I'm confused by that last equality and what $$\lim_{n \rightarrow \infty} \uparrow \sum_{i=1}^n P(B_i)$$ means. I'm guessing I can't say that

$$\sum_{i=1}^\infty P(B_i) = \lim_{n \rightarrow \infty} \sum_{i=1}^n P(B_i)$$

because then I would be able to conclude that $$P(A_n) \rightarrow P(A)$$, which seems stronger that what the property says, but I don't get why it wouldn't be true.

This answer might be relevant, though it doesn't use the $$\uparrow$$ notation

You can view $$P(A_n) \uparrow P(A)$$ as saying that $$P(A_n)$$ converges to $$P(A)$$ from below. Resnick writes $$P(A_n) \uparrow P(A)$$ as shorthand for saying both that

1. $$\lim_{n \to \infty} P(A_n) = P(A)$$, and
2. $$P(A_n) \leq P(A_{n+1})$$ (the sequence is non-decreasing).

In light of item 2 above, you can replace 1 by something like, $$P(A) = \sup_n P(A_n)$$ or $$P(A) = \liminf_{n \to \infty} P(A_n)$$, et cetera.

Similarly, the "$$\lim_{n\to\infty} \uparrow$$" notation signifies a limit from below. In the case of $$\sum_{i=1}^\infty P(B_i)$$, it's just saying that a series of non-negative terms is the limit of the non-decreasing sequence of its partial sums.
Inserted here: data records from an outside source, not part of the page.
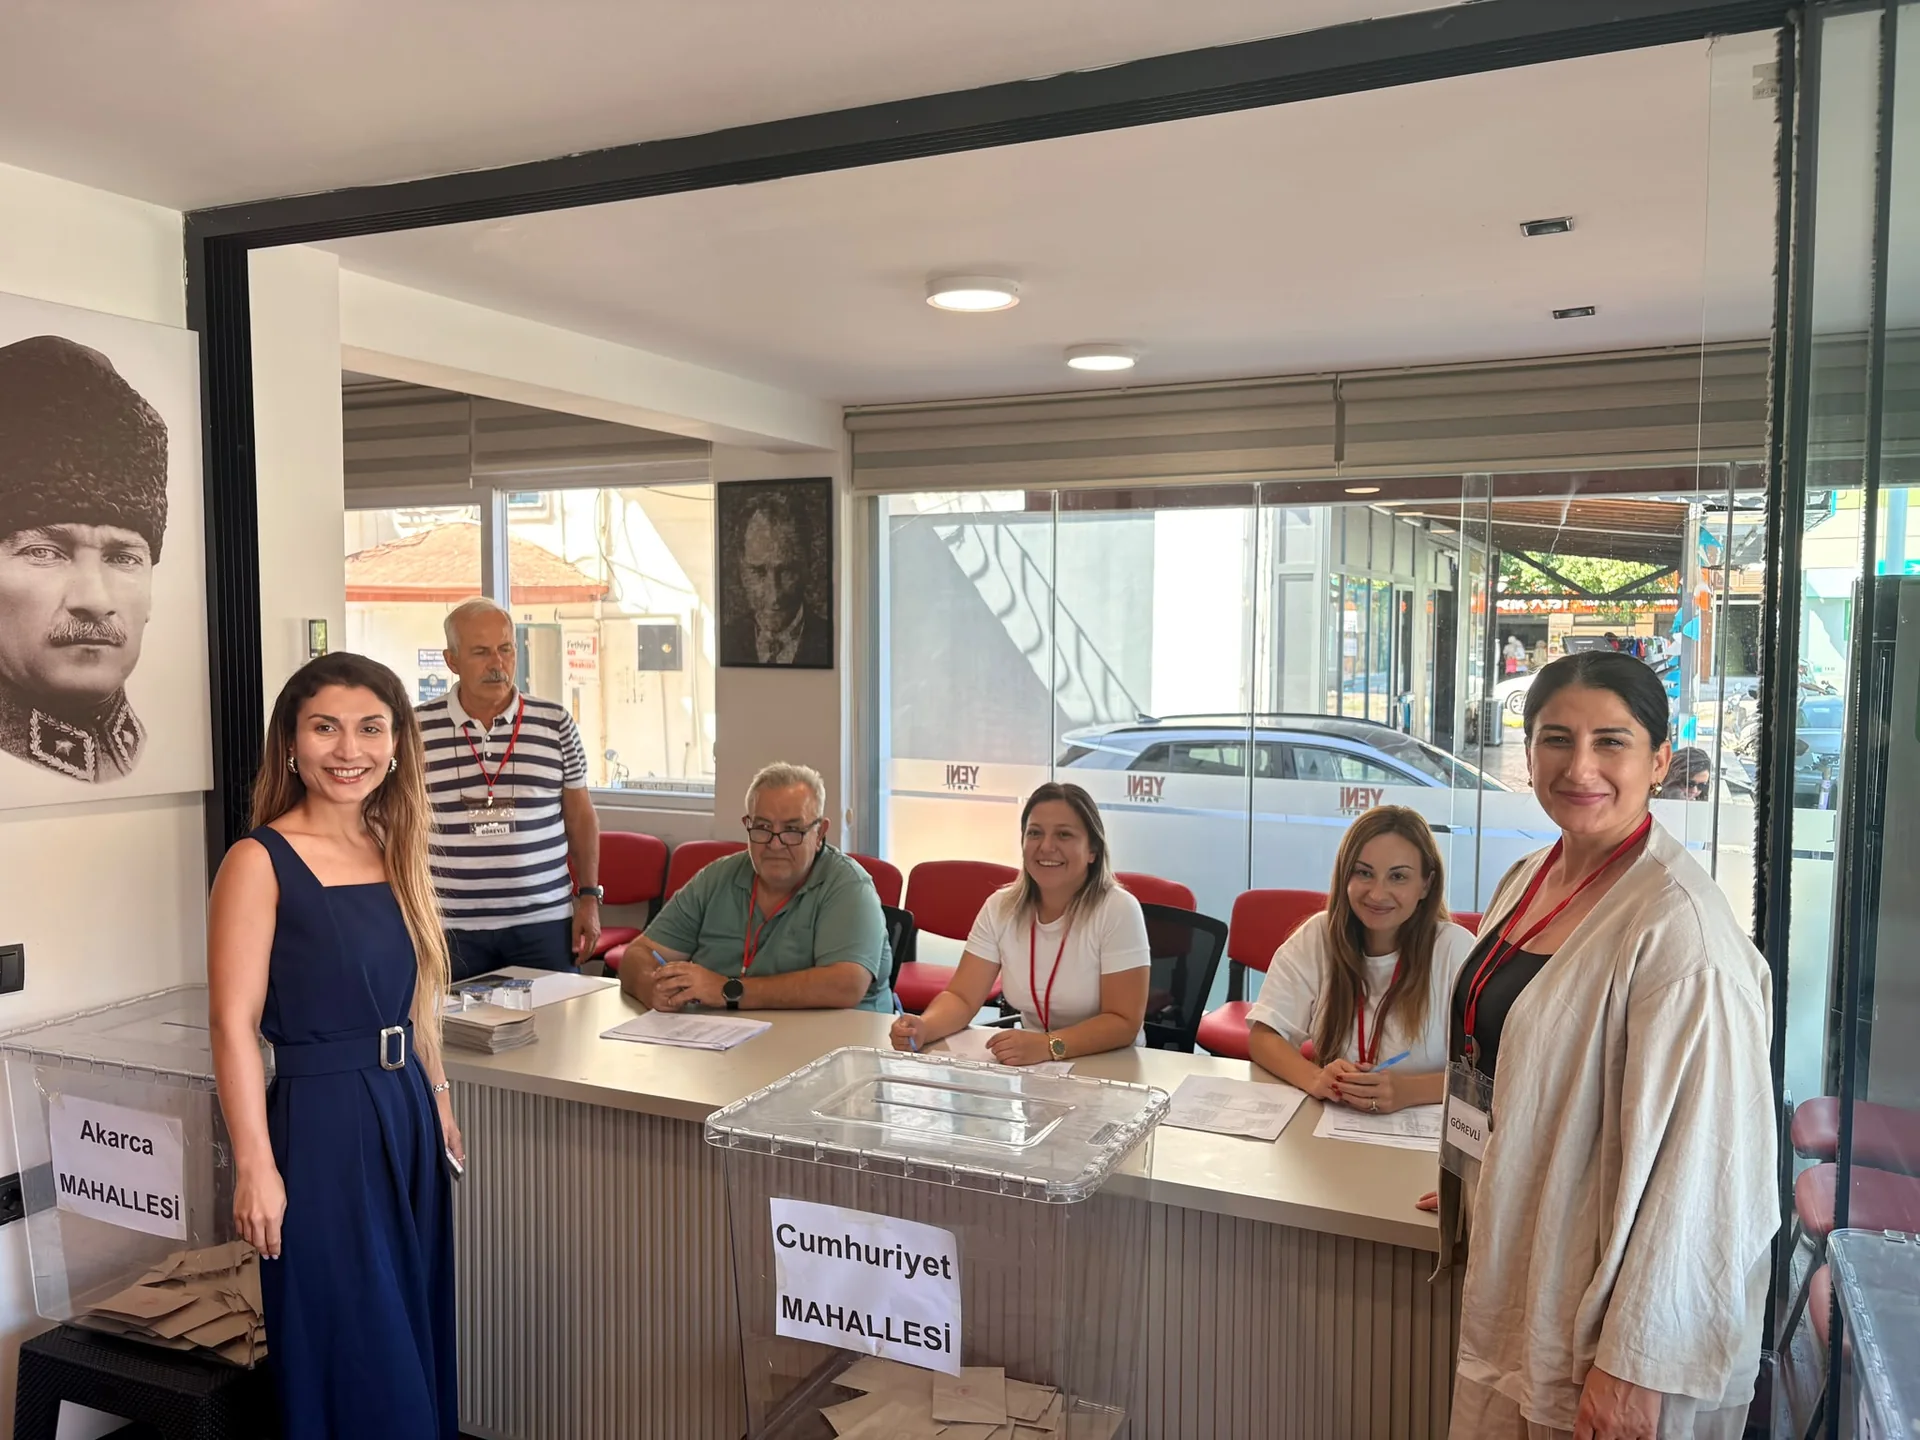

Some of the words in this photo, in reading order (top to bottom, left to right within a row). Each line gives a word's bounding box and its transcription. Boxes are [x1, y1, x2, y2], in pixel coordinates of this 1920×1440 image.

[80, 1119, 154, 1156] Akarca
[1450, 1116, 1481, 1142] GÖREVLİ
[59, 1172, 180, 1221] MAHALLESİ
[777, 1223, 952, 1280] Cumhuriyet
[782, 1294, 951, 1355] MAHALLESİ
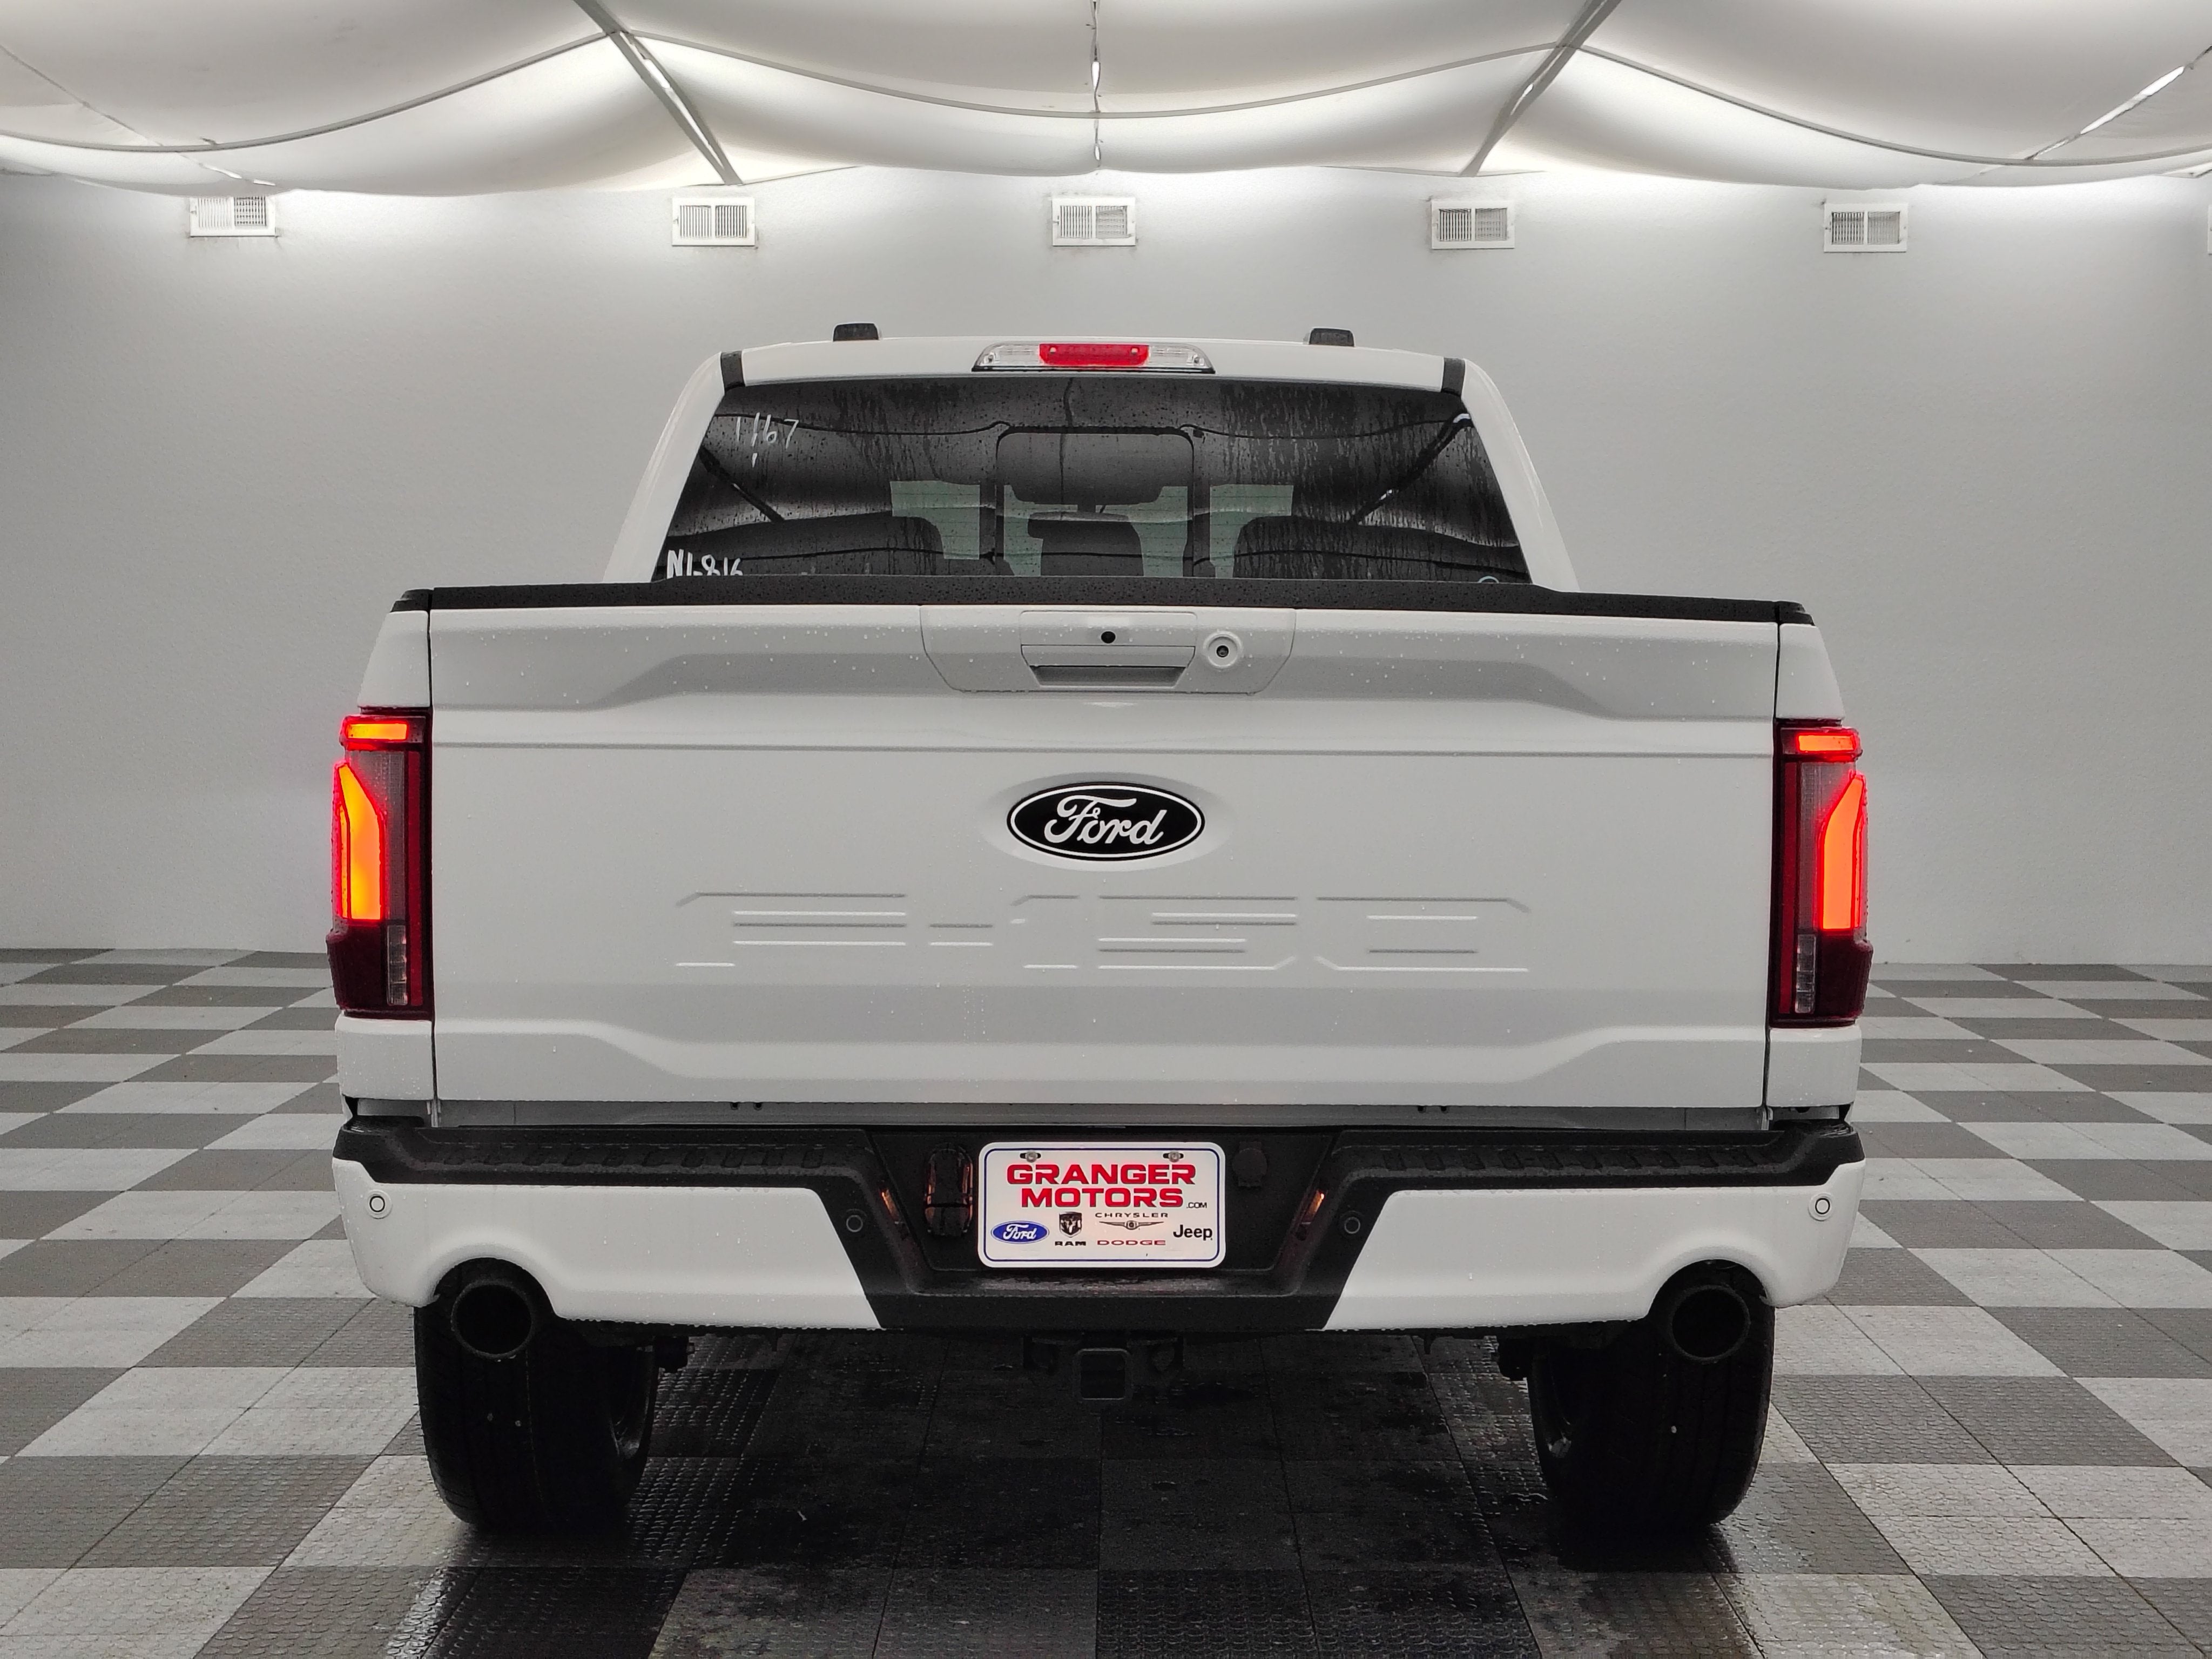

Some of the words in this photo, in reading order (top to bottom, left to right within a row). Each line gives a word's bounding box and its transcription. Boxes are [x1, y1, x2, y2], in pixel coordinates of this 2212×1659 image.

[1044, 795, 1168, 845] Ford
[1007, 1164, 1196, 1185] GRANGER
[1021, 1188, 1184, 1208] MOTORS
[1002, 1223, 1037, 1240] Ford
[1173, 1224, 1213, 1241] Jeep
• Thanks! That cleared up stuff
– cd98
Commented Aug 26, 2020 at 16:44

I mostly agree with Artem's answer except for the comment that the $$\lim_{n\to\infty} \uparrow$$ notation signifies a limit from below. If this were true then $$\lim_{n\to\infty} \downarrow (\bigcup_{k \ge n} A_k)$$ (on page 33, in the proof of Fatou's lemma) would signify a limit from above, which does not make sense. It seems that the down arrow in my example is merely signifying that $$\{\bigcup_{k \ge n} A_k\}$$ is a monotone nonincreasing sequence and therefore the limit is well-defined using Proposition 1.4.1. It is a little superfluous and can be ignored. In the original question, $$\lim_{n \rightarrow \infty} \uparrow \sum_{i=1}^n P(B_i)$$ is the same as $$\lim_{n \rightarrow \infty} \sum_{i=1}^n P(B_i)$$. After all, $$\{\sum_{i=1}^n P(B_i)\}$$ is a monotone nondecreasing sequence that is also bounded (since $$B_1, B_2, \dotsc$$ are disjoint and the sum of the probabilities assigned to them is at most $$1$$) and the limit of such a sequence always exists using the monotone convergence theorem.